Set down each entry exactly; omit images.

Data for review below:

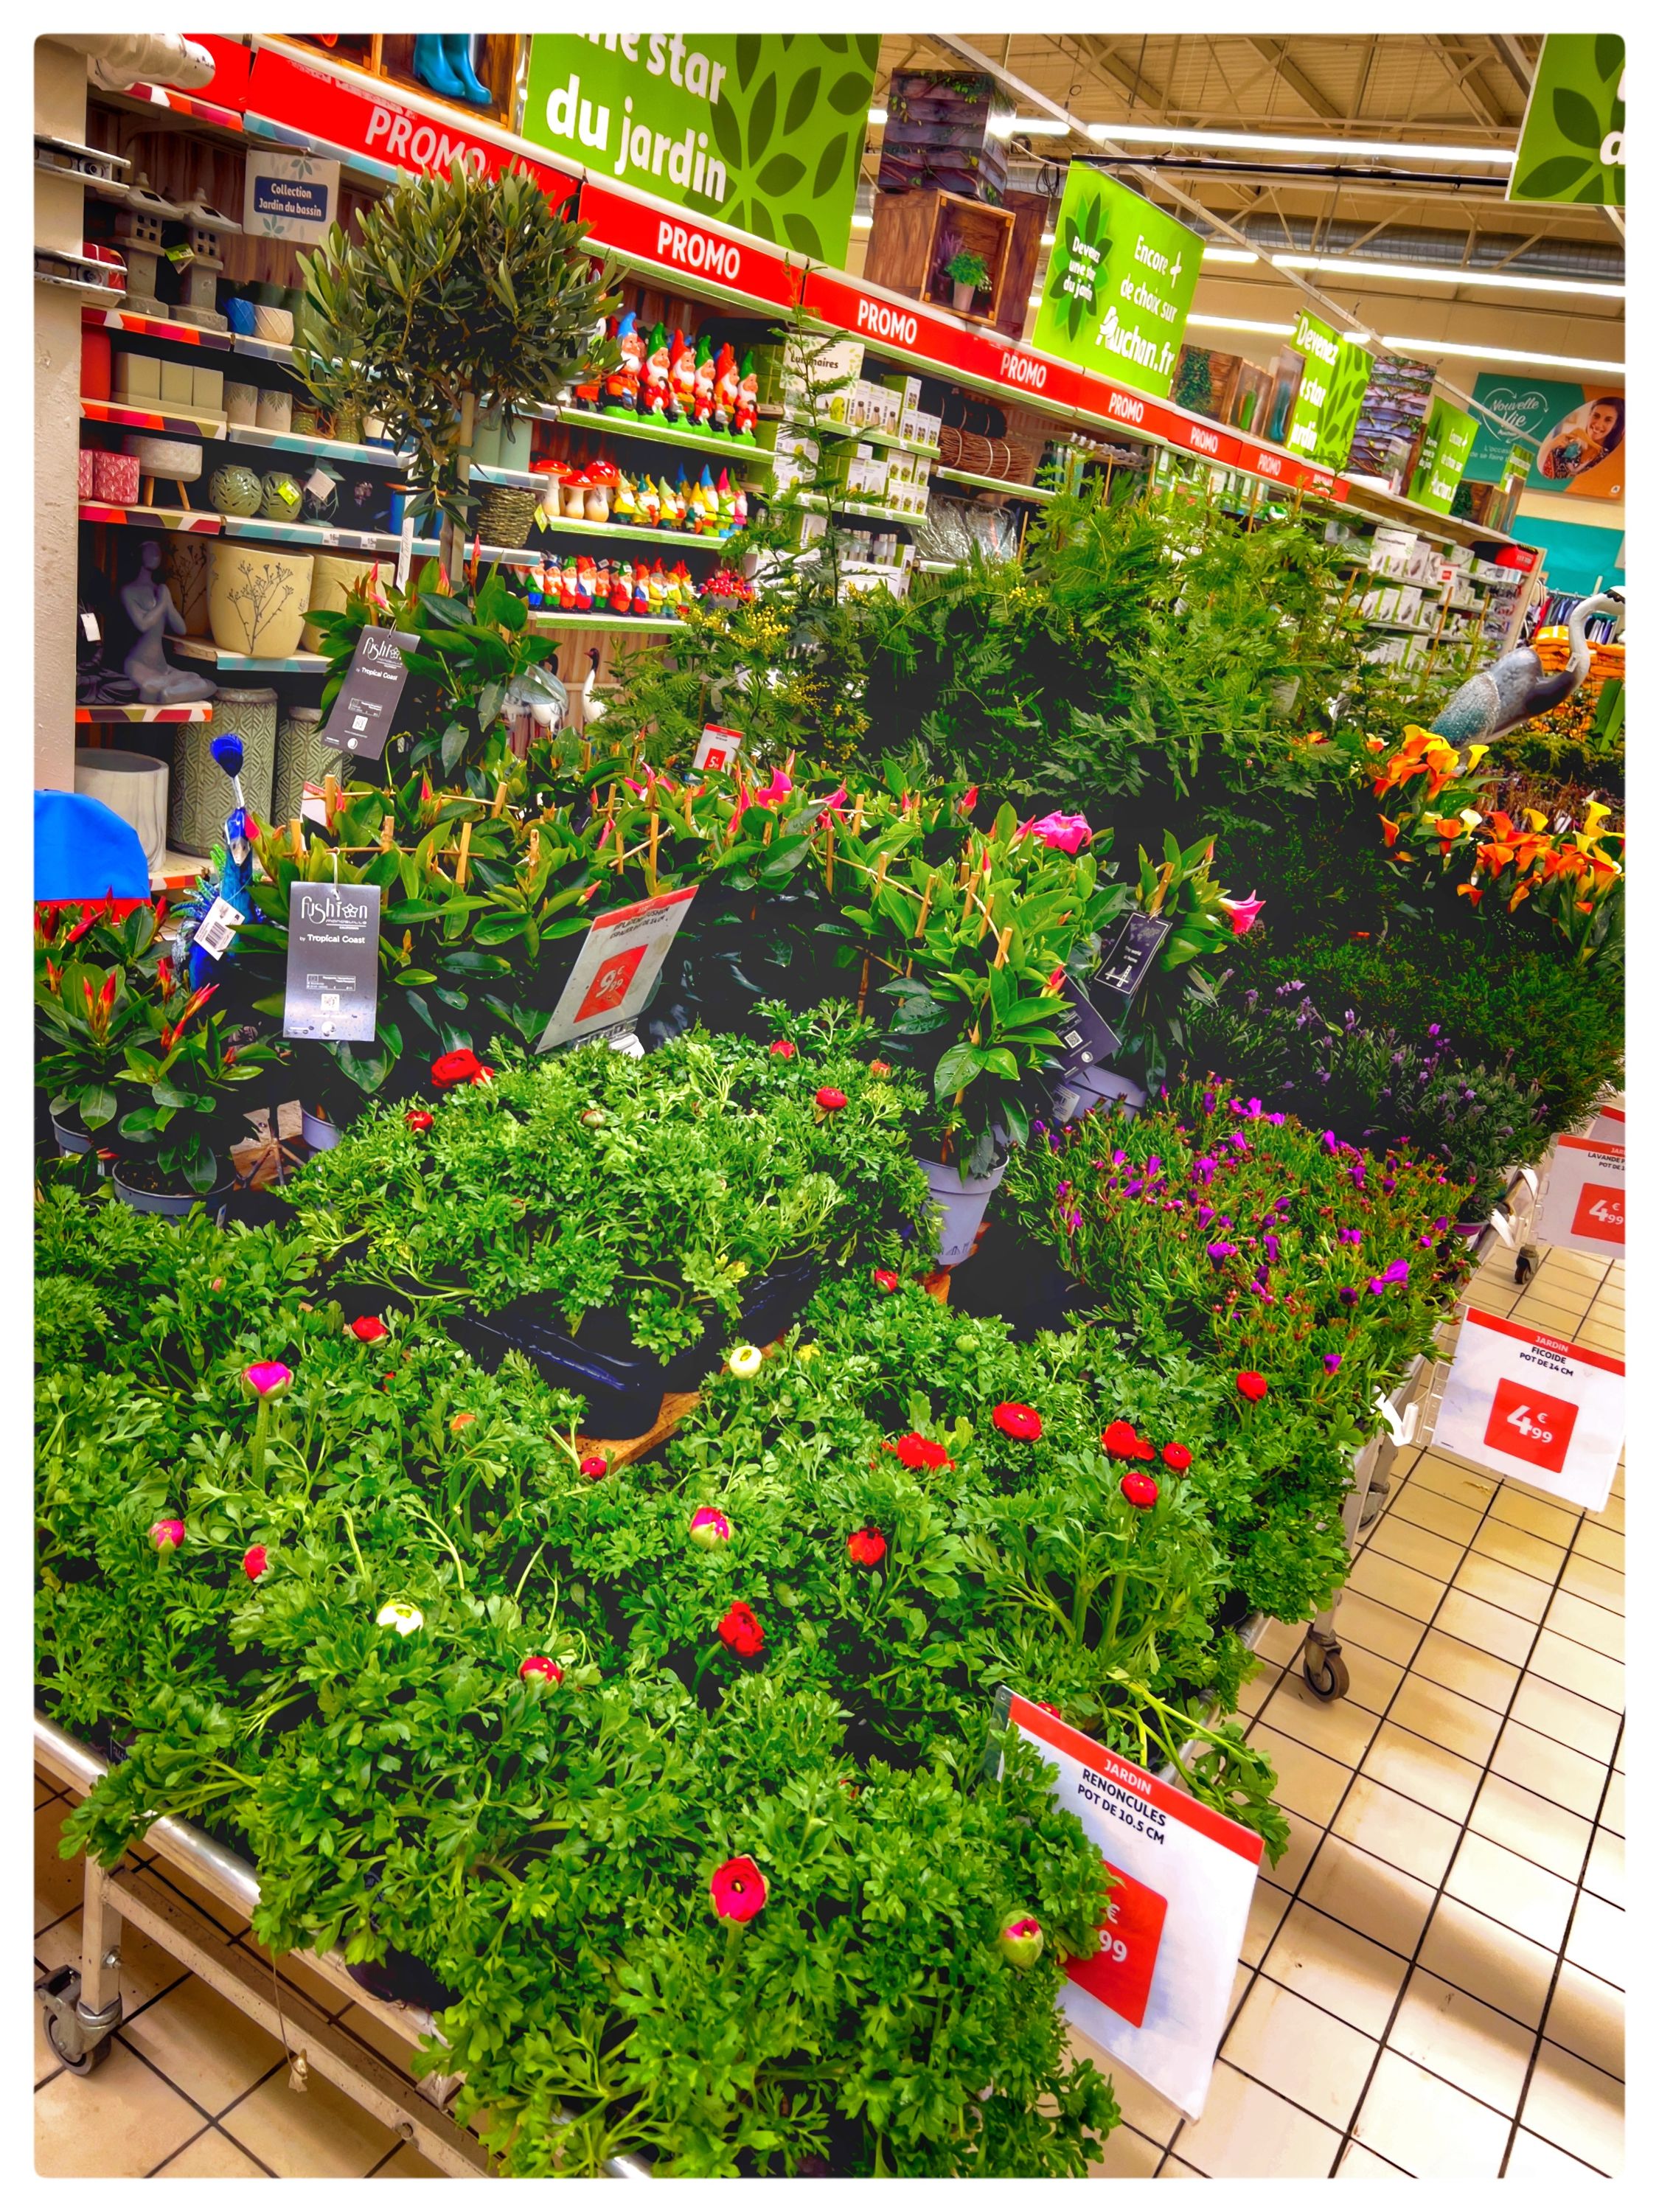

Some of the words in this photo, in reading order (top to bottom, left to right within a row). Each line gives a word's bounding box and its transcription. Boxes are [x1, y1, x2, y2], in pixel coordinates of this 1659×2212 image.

[646, 33, 727, 105] star
[546, 73, 610, 151] du
[614, 96, 726, 203] jardin
[271, 183, 312, 199] Collection
[259, 198, 284, 212] Jardin
[285, 201, 295, 213] du
[296, 203, 321, 216] bassin
[657, 220, 741, 280] PROMO
[1134, 234, 1169, 276] Encore
[1068, 260, 1086, 276] une
[1063, 275, 1074, 293] du
[1120, 273, 1134, 301] de
[1134, 282, 1161, 316] choix
[1161, 301, 1178, 323] sur
[857, 299, 918, 345] PROMO
[1095, 306, 1175, 376] Auchan.fr
[1296, 316, 1339, 366] Devenez
[790, 355, 838, 369] Lunaires
[1000, 351, 1047, 389] PROMO
[1108, 392, 1144, 423] PROMO
[1490, 397, 1539, 411] Nouvelle
[1501, 410, 1527, 428] Vie
[1190, 426, 1218, 453] PROMO
[1256, 453, 1281, 476] PROMO
[361, 667, 382, 678] Tropical
[383, 672, 398, 681] Coast
[307, 933, 339, 943] Tropical
[342, 935, 365, 944] Coast
[1587, 1152, 1620, 1163] LAVANDE
[1531, 1346, 1567, 1364] FICOIDE
[1535, 1335, 1569, 1353] JARDIN
[1520, 1352, 1537, 1363] POT
[1537, 1359, 1548, 1368] DE
[1549, 1363, 1559, 1371] 14
[1561, 1368, 1573, 1377] CM
[1104, 1759, 1152, 1795] JARDIN
[1082, 1768, 1166, 1826] RENONCULES
[1078, 1784, 1101, 1805] POT
[1102, 1798, 1118, 1817] DE
[1119, 1809, 1144, 1832] 10.5
[1146, 1826, 1165, 1845] CM
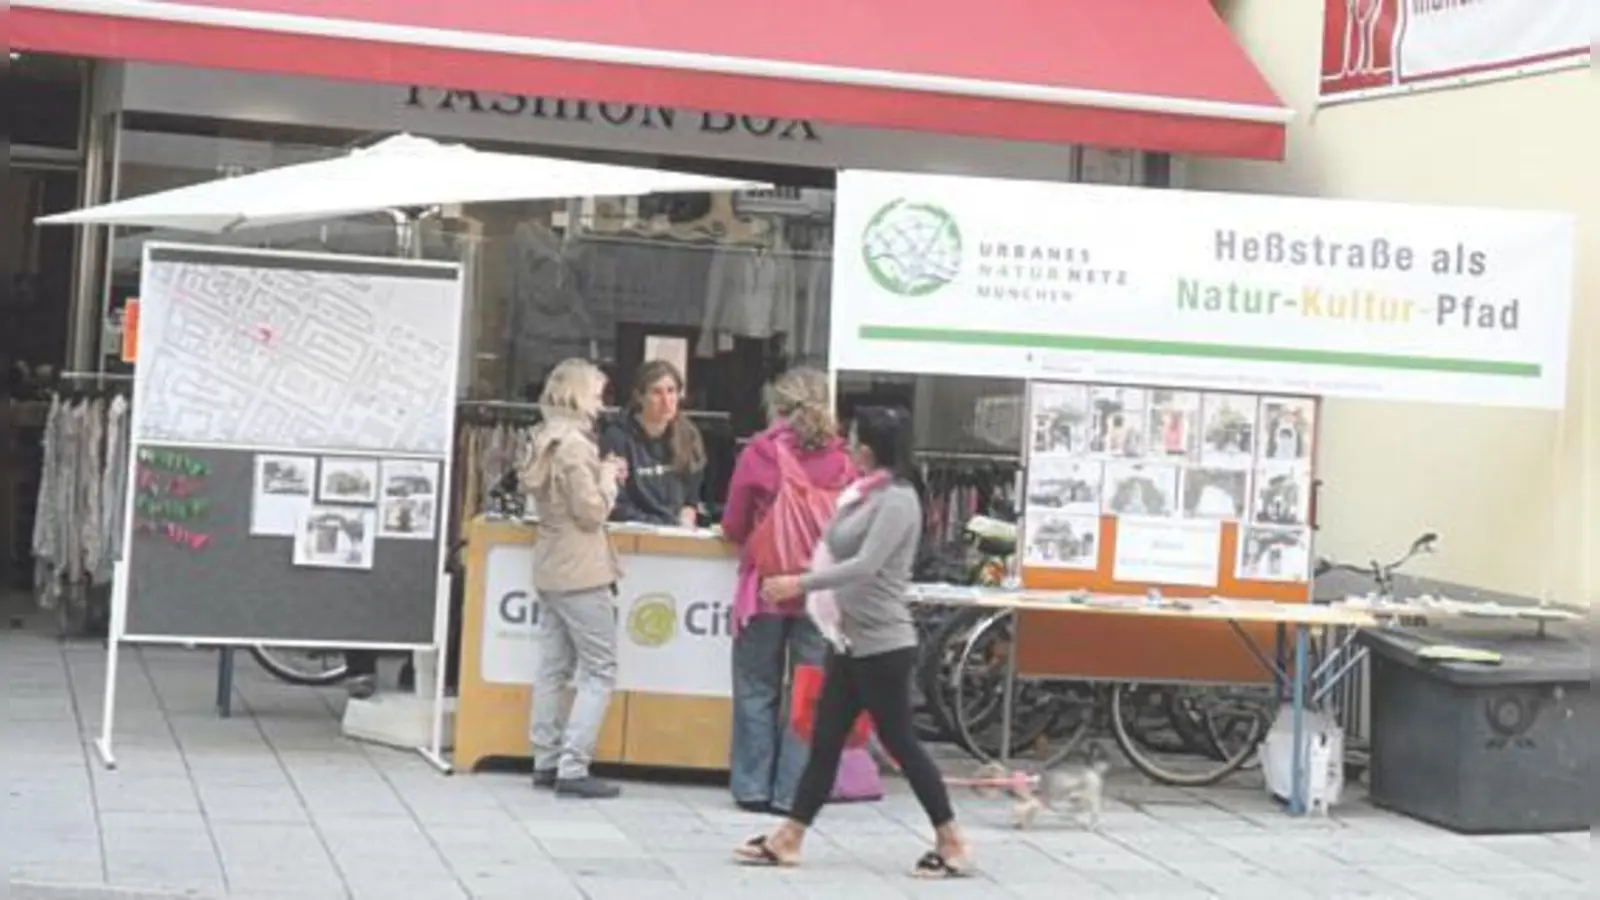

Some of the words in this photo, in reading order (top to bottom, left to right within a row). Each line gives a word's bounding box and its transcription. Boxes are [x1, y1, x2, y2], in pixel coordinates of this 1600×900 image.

End of Data for review.

> Written response:
Some of the words in this photo, in reading order (top to bottom, left to right within a row). Each line gives a word's bounding box and its transcription. Boxes are [x1, y1, x2, y2], in pixel coordinates of this 1659×2212 image.

[646, 33, 727, 105] star
[546, 73, 610, 151] du
[614, 96, 726, 203] jardin
[271, 183, 312, 199] Collection
[259, 198, 284, 212] Jardin
[285, 201, 295, 213] du
[296, 203, 321, 216] bassin
[657, 220, 741, 280] PROMO
[1134, 234, 1169, 276] Encore
[1068, 260, 1086, 276] une
[1063, 275, 1074, 293] du
[1120, 273, 1134, 301] de
[1134, 282, 1161, 316] choix
[1161, 301, 1178, 323] sur
[857, 299, 918, 345] PROMO
[1095, 306, 1175, 376] Auchan.fr
[1296, 316, 1339, 366] Devenez
[790, 355, 838, 369] Lunaires
[1000, 351, 1047, 389] PROMO
[1108, 392, 1144, 423] PROMO
[1490, 397, 1539, 411] Nouvelle
[1501, 410, 1527, 428] Vie
[1190, 426, 1218, 453] PROMO
[1256, 453, 1281, 476] PROMO
[361, 667, 382, 678] Tropical
[383, 672, 398, 681] Coast
[307, 933, 339, 943] Tropical
[342, 935, 365, 944] Coast
[1587, 1152, 1620, 1163] LAVANDE
[1531, 1346, 1567, 1364] FICOIDE
[1535, 1335, 1569, 1353] JARDIN
[1520, 1352, 1537, 1363] POT
[1537, 1359, 1548, 1368] DE
[1549, 1363, 1559, 1371] 14
[1561, 1368, 1573, 1377] CM
[1104, 1759, 1152, 1795] JARDIN
[1082, 1768, 1166, 1826] RENONCULES
[1078, 1784, 1101, 1805] POT
[1102, 1798, 1118, 1817] DE
[1119, 1809, 1144, 1832] 10.5
[1146, 1826, 1165, 1845] CM

Some of the words in this photo, in reading order (top to bottom, left to right within a row). Each line gives a word's bounding box and its transcription. Boxes are [x1, y1, x2, y2], in pixel coordinates of this 1600×900 image.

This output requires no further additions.